Assignment → An exact copy of every record below is needed, with the pictures left out.

[Recorded data]
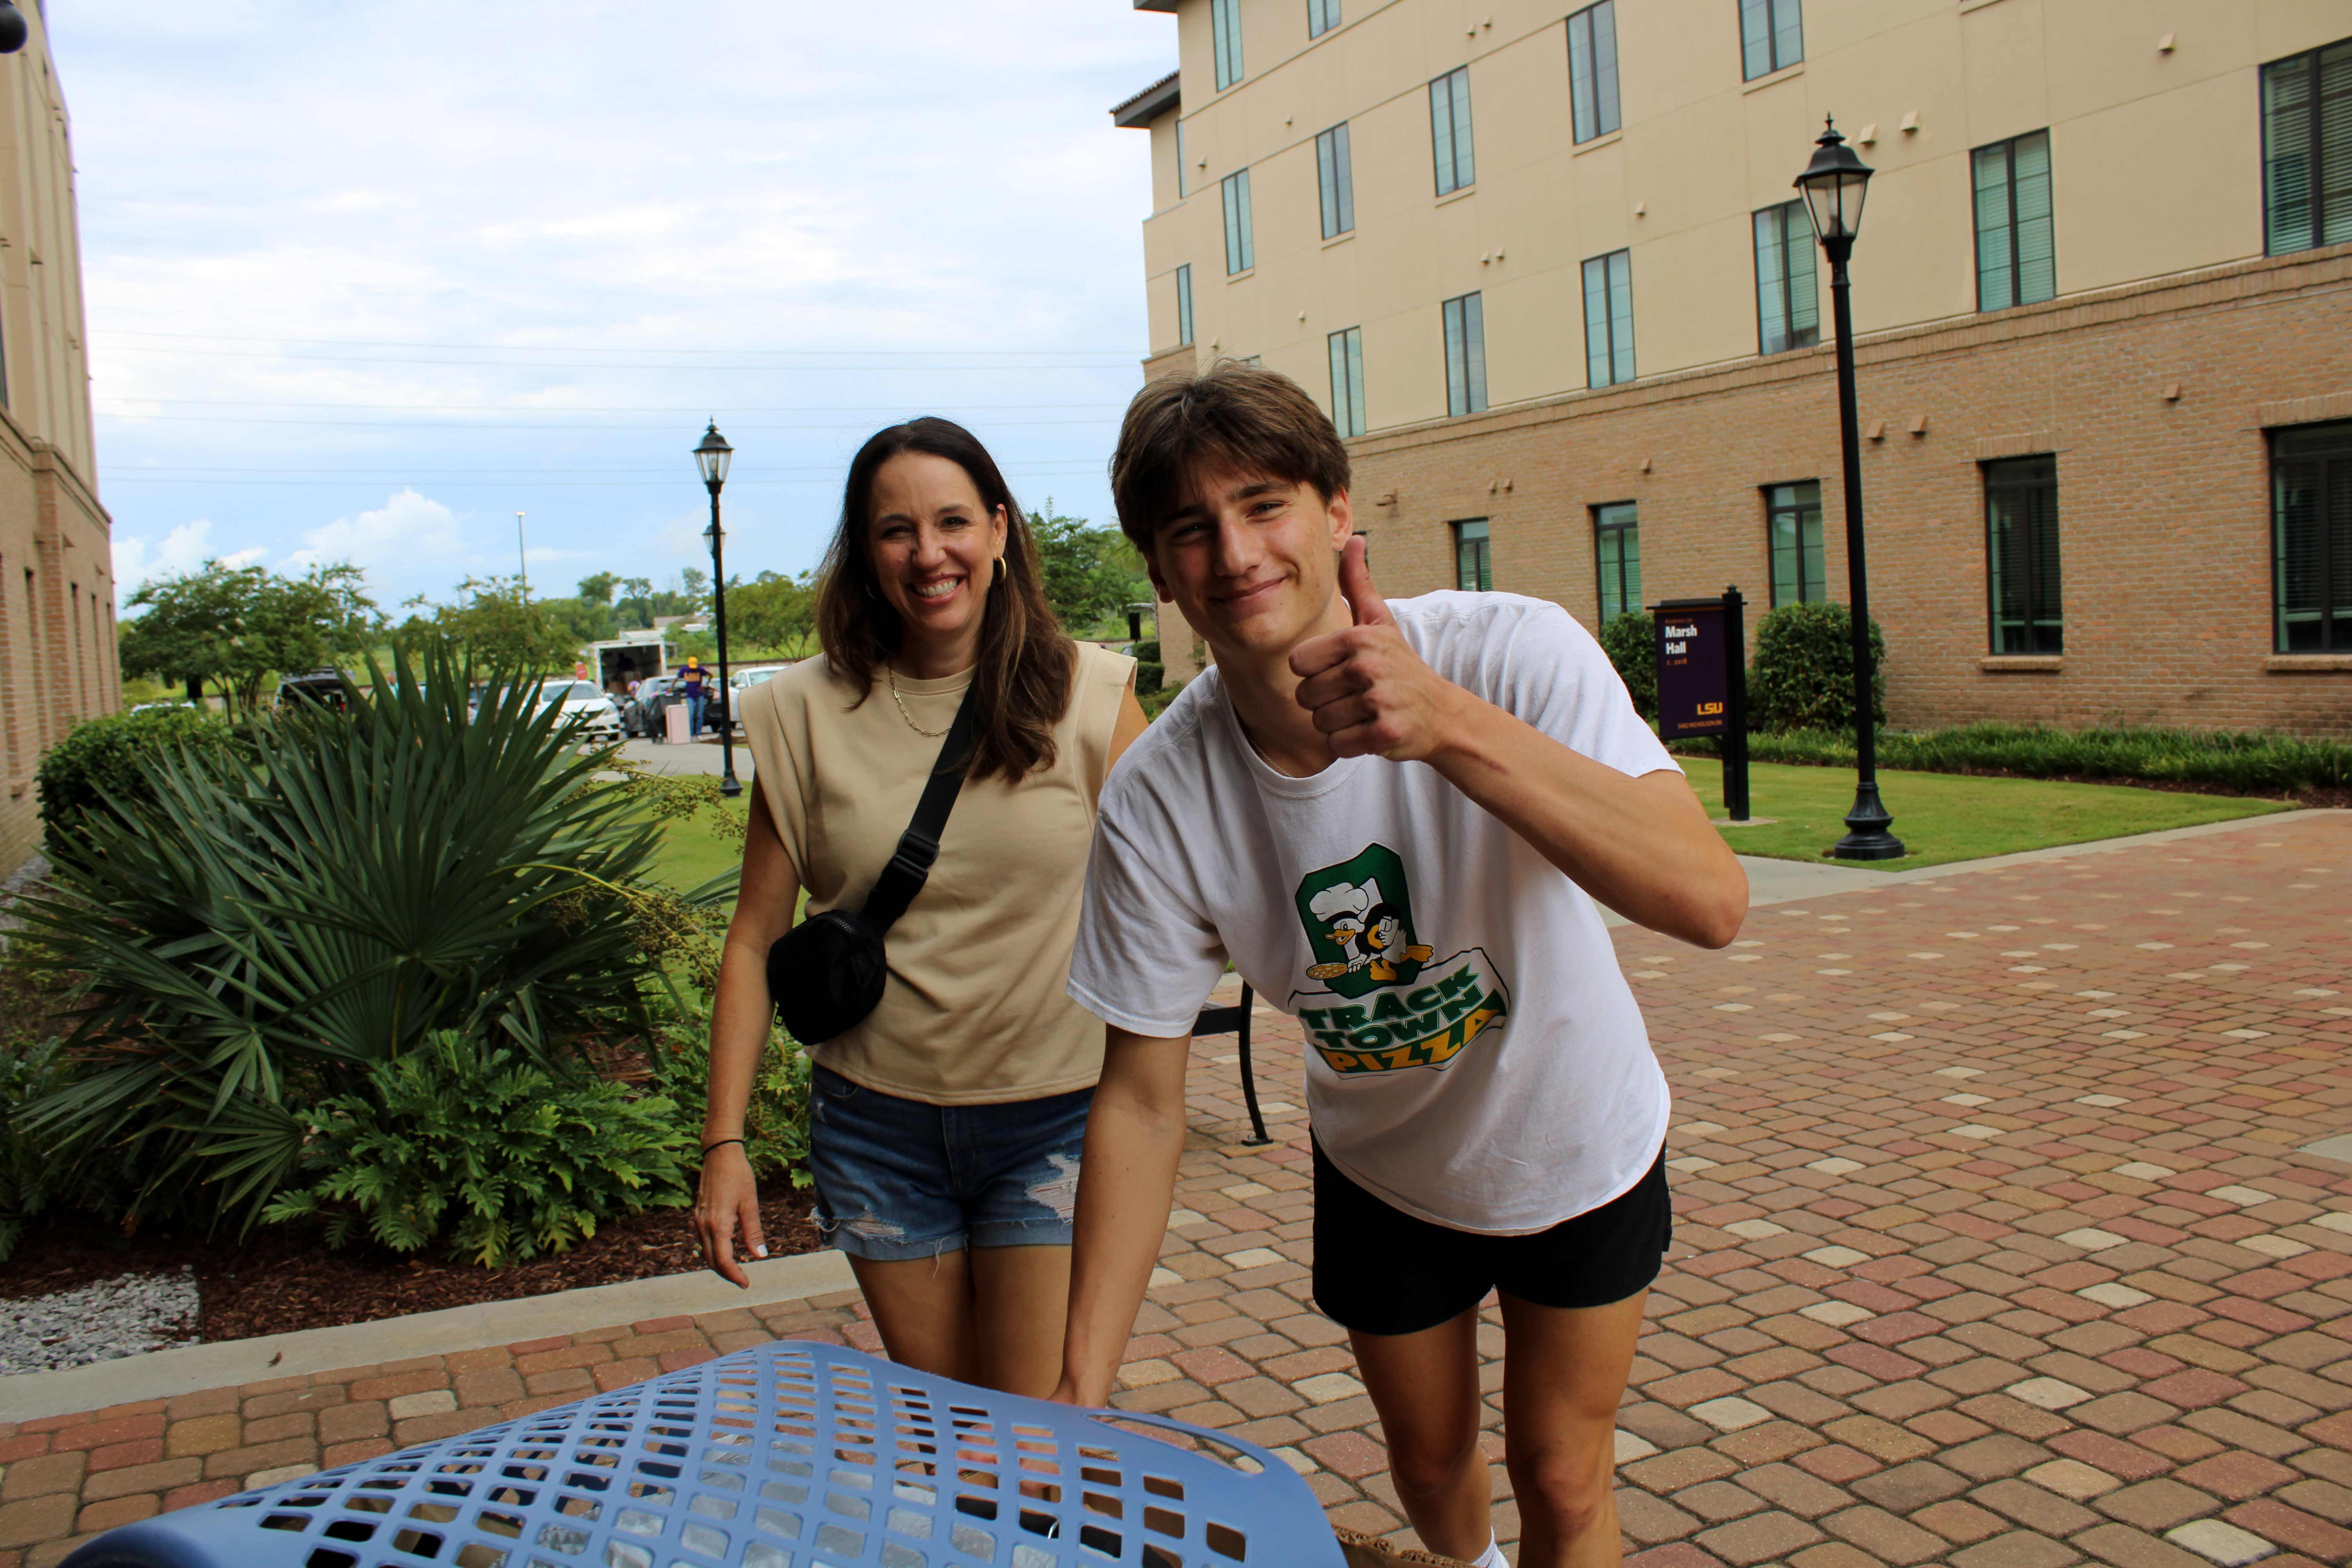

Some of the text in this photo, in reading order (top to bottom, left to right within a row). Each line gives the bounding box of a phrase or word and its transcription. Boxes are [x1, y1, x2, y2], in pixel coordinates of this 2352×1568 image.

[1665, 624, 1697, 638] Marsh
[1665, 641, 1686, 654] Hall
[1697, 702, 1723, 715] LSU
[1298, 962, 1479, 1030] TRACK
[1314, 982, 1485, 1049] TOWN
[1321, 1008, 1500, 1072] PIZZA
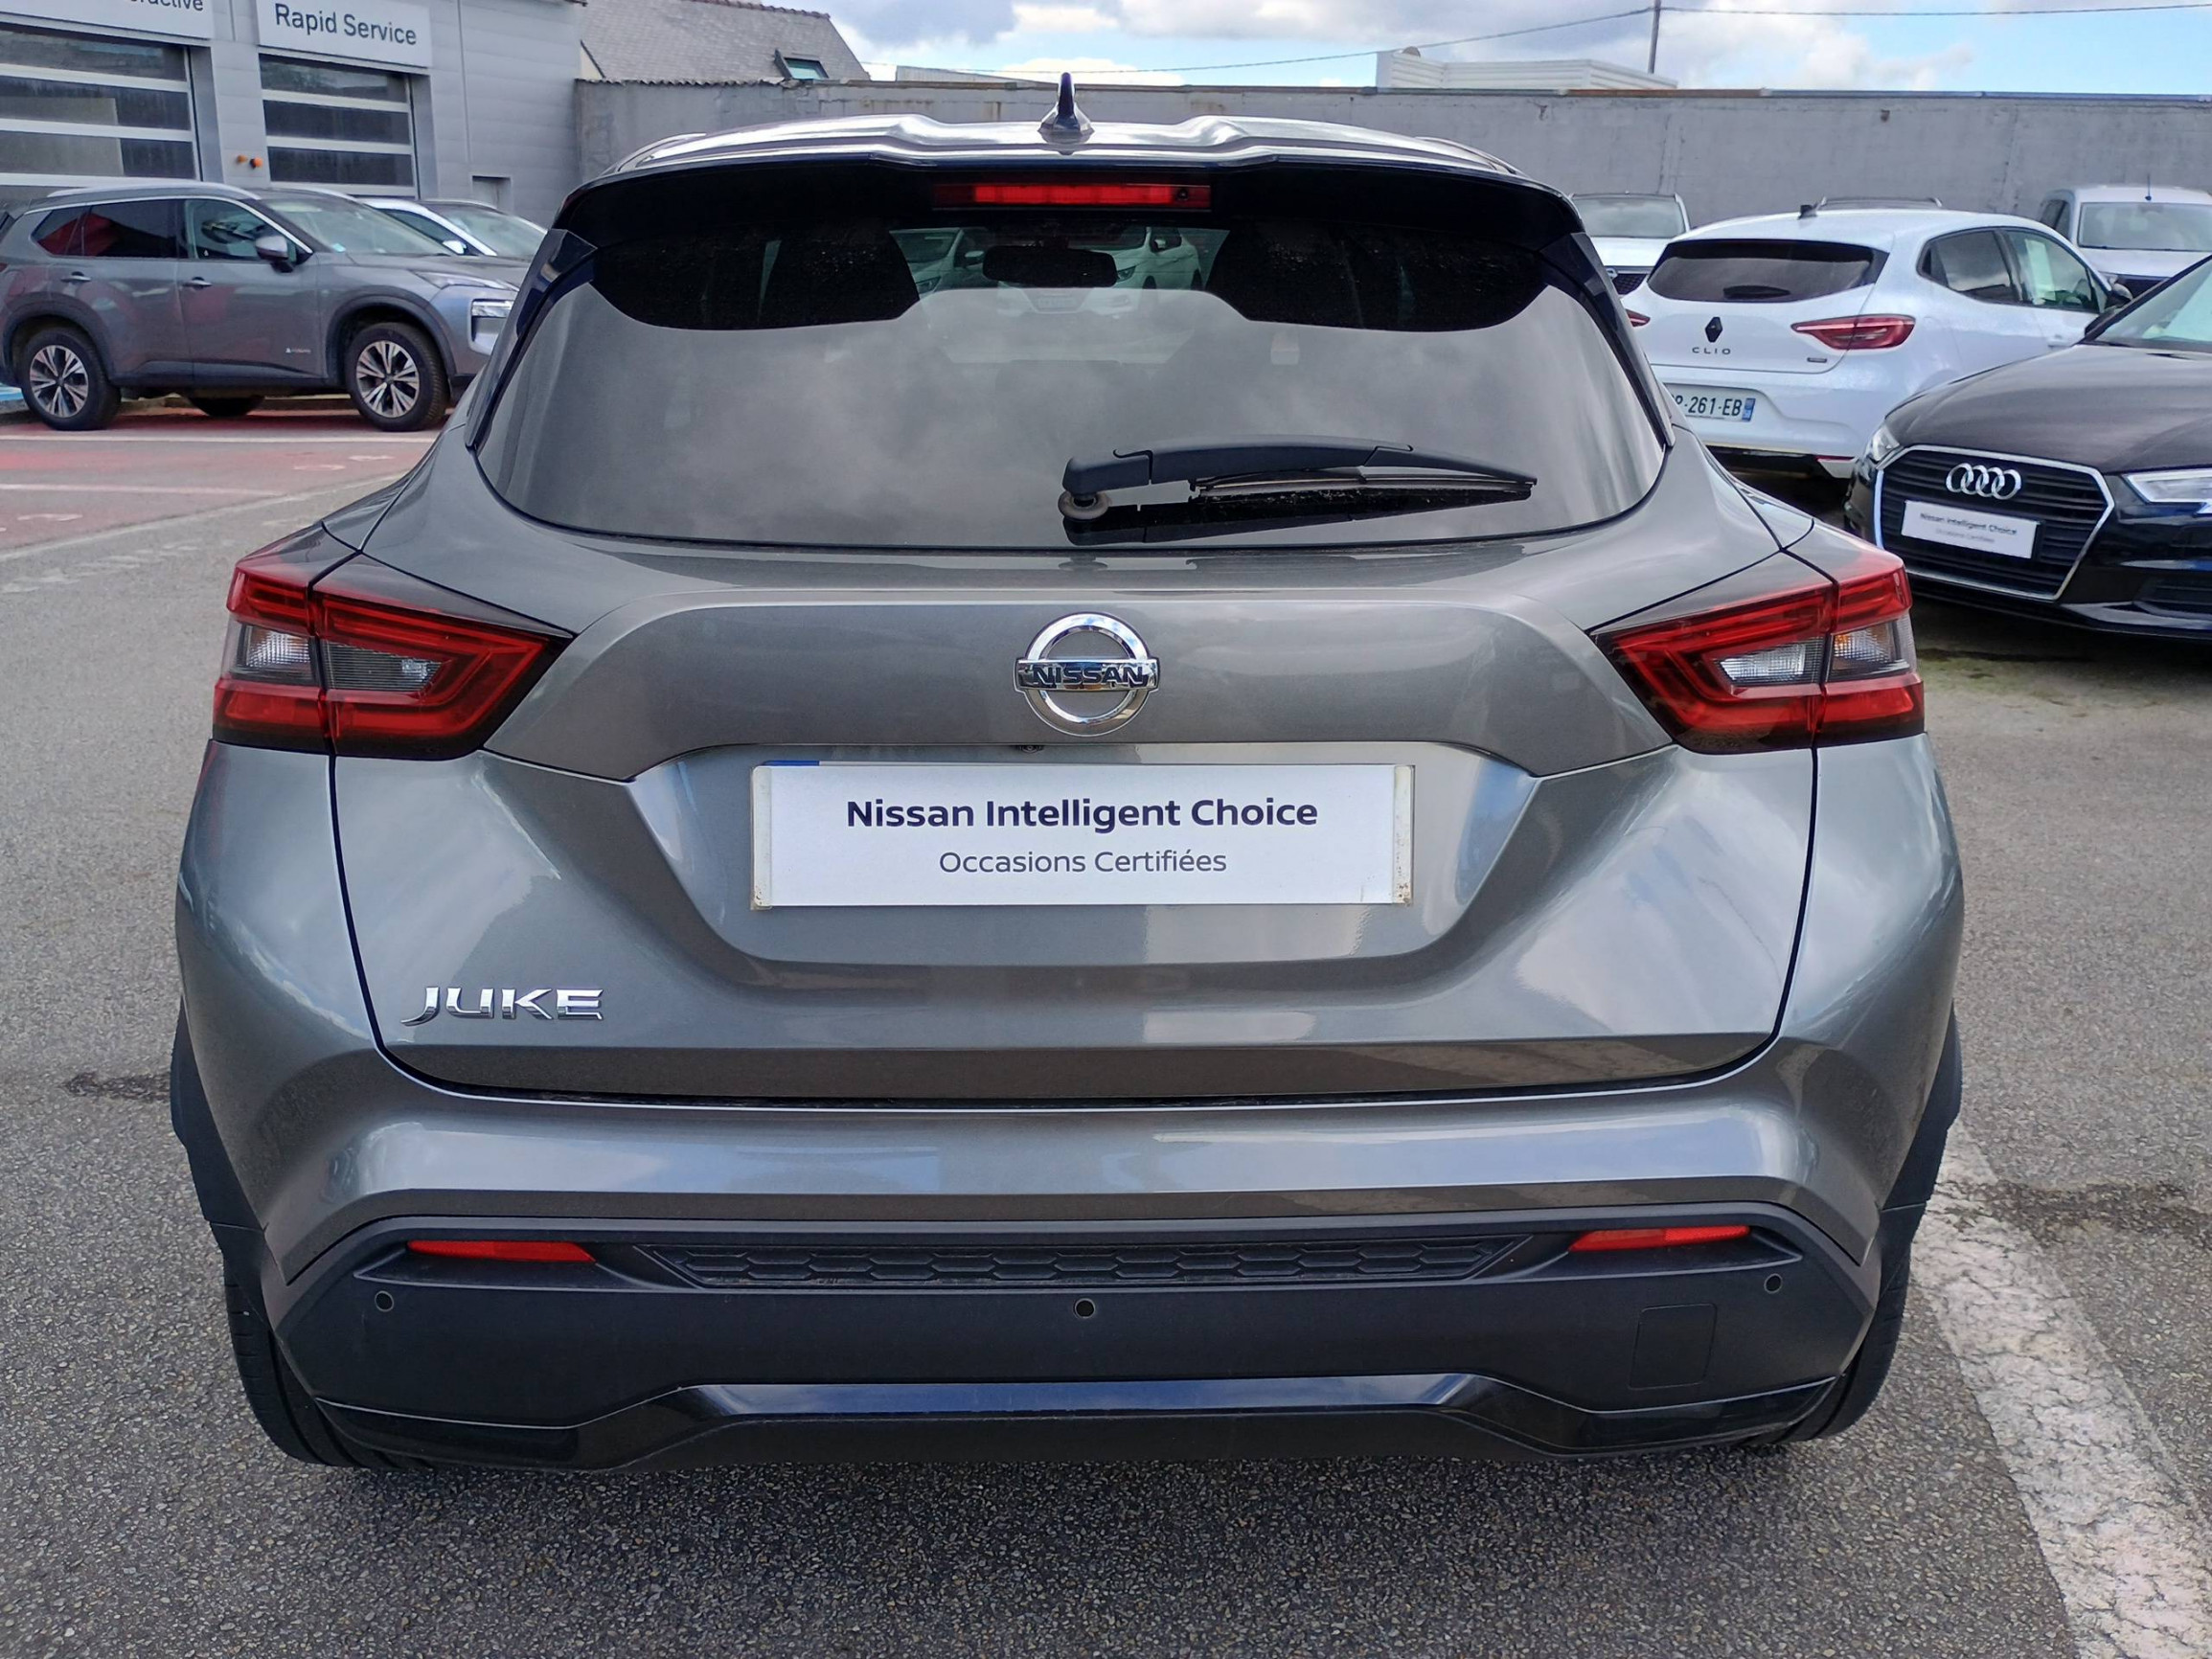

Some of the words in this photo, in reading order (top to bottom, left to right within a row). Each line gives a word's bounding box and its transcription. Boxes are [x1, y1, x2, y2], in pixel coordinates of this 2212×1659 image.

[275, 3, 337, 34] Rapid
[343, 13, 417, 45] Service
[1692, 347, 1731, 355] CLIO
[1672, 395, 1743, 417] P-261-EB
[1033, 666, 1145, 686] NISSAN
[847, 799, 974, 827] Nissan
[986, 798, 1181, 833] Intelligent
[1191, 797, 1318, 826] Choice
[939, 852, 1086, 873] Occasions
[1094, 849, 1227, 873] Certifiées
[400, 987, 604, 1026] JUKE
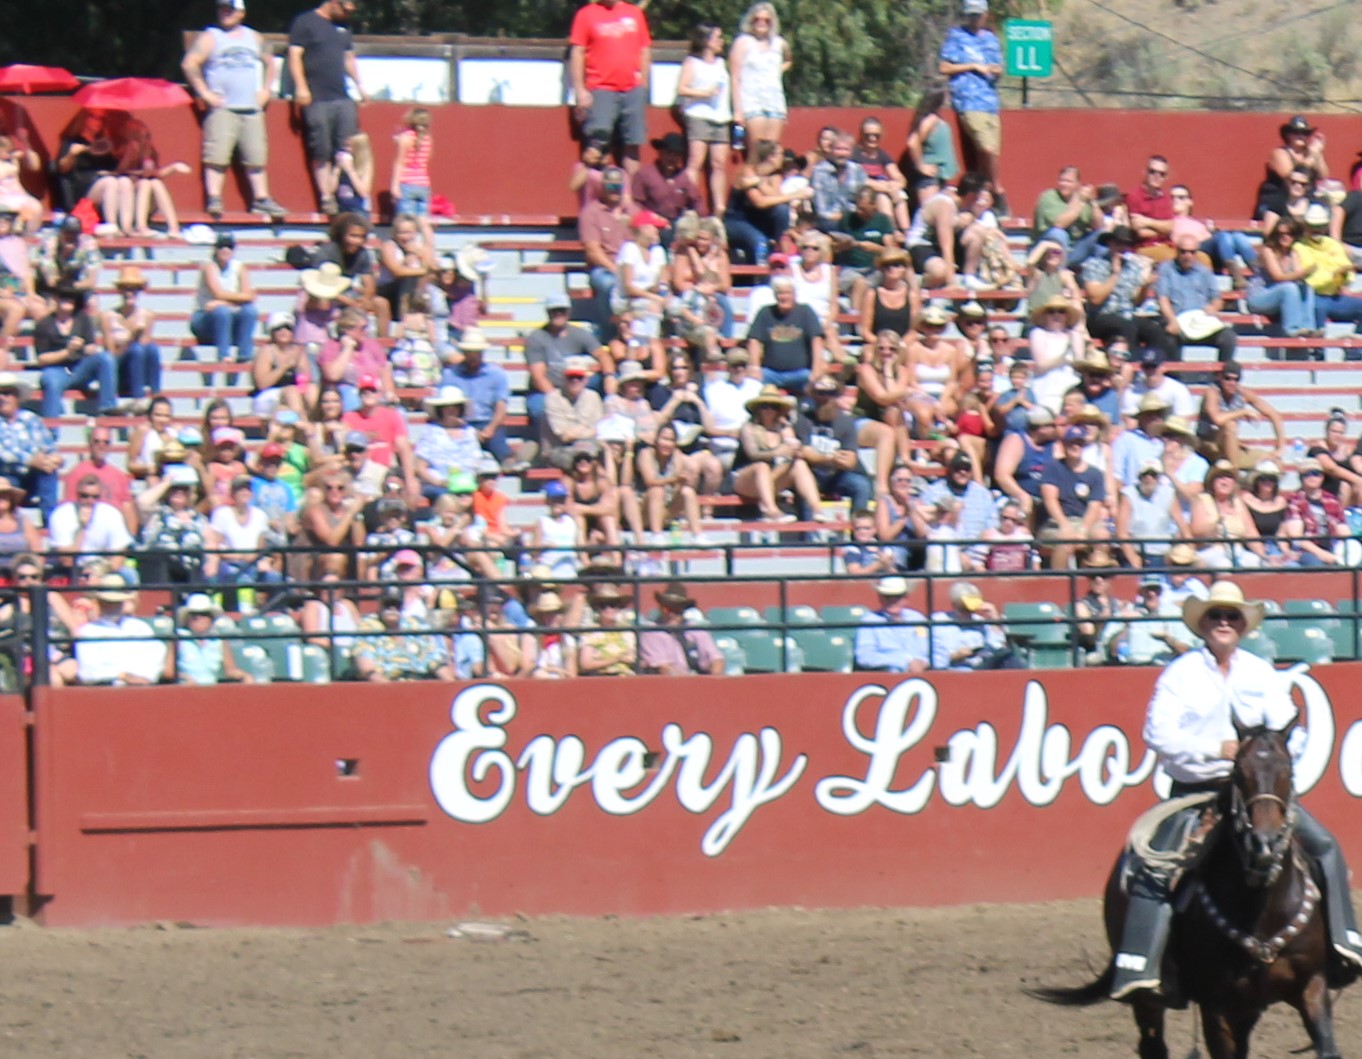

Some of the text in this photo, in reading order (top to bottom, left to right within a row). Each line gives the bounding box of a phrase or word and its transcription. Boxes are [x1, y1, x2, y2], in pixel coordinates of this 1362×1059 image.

Response to the exercise →
Some of the text in this photo, in reading order (top to bottom, left to right within a row). Each line gives the bounding box of a phrase or word and its transcription. Boxes are [x1, y1, x2, y2], in pixel coordinates of this 2352×1568 image.

[1665, 624, 1697, 638] Marsh
[1665, 641, 1686, 654] Hall
[1697, 702, 1723, 715] LSU
[1298, 962, 1479, 1030] TRACK
[1314, 982, 1485, 1049] TOWN
[1321, 1008, 1500, 1072] PIZZA

Some of the words in this photo, in reading order (top to bottom, left to right within a row). Each line gives a word's bounding box and its transcription. Boxes are [x1, y1, x2, y2], in pixel coordinates of this 2212×1659 image.

[275, 3, 337, 34] Rapid
[343, 13, 417, 45] Service
[1692, 347, 1731, 355] CLIO
[1672, 395, 1743, 417] P-261-EB
[1033, 666, 1145, 686] NISSAN
[847, 799, 974, 827] Nissan
[986, 798, 1181, 833] Intelligent
[1191, 797, 1318, 826] Choice
[939, 852, 1086, 873] Occasions
[1094, 849, 1227, 873] Certifiées
[400, 987, 604, 1026] JUKE

Some of the text in this photo, in reading order (top to bottom, left to right within a row). Each line gives the bounding box of a phrase or word and its transcription. Boxes are [x1, y1, x2, y2], in pixel coordinates of this 1362×1059 image.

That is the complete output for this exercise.